(Stored data entries)
>>
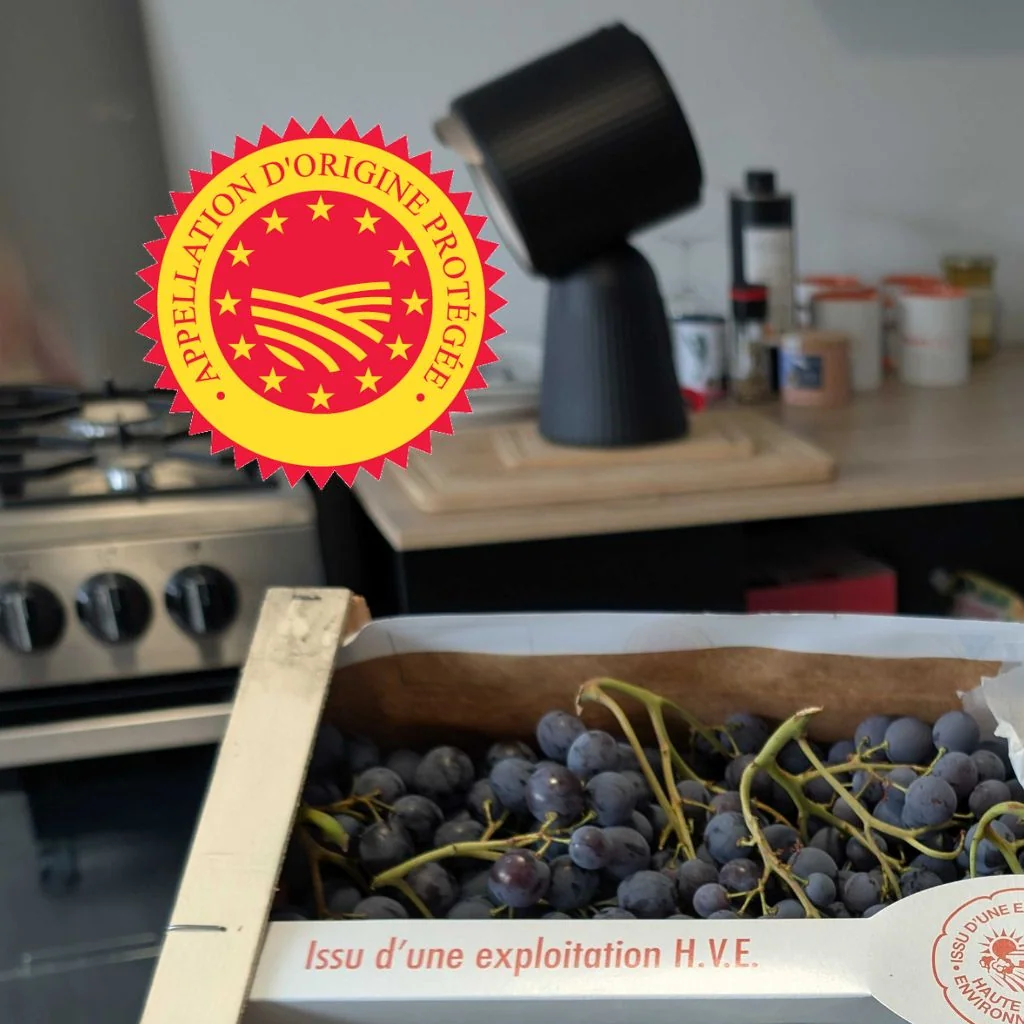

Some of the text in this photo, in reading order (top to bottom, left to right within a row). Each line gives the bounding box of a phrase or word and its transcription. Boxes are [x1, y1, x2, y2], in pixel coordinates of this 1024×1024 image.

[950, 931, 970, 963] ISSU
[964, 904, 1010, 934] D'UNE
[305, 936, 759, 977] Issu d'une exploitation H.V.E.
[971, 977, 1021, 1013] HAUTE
<<
▶ Instructions for the task:
Output all the data, exactly, without images.

▶ Response to this task:
Some of the text in this photo, in reading order (top to bottom, left to right within a row). Each line gives the bounding box of a phrase or word and its transcription. Boxes are [x1, y1, x2, y2], in pixel coordinates of this 1024×1024 image.

[950, 931, 970, 963] ISSU
[964, 904, 1010, 934] D'UNE
[305, 936, 759, 977] Issu d'une exploitation H.V.E.
[971, 977, 1021, 1013] HAUTE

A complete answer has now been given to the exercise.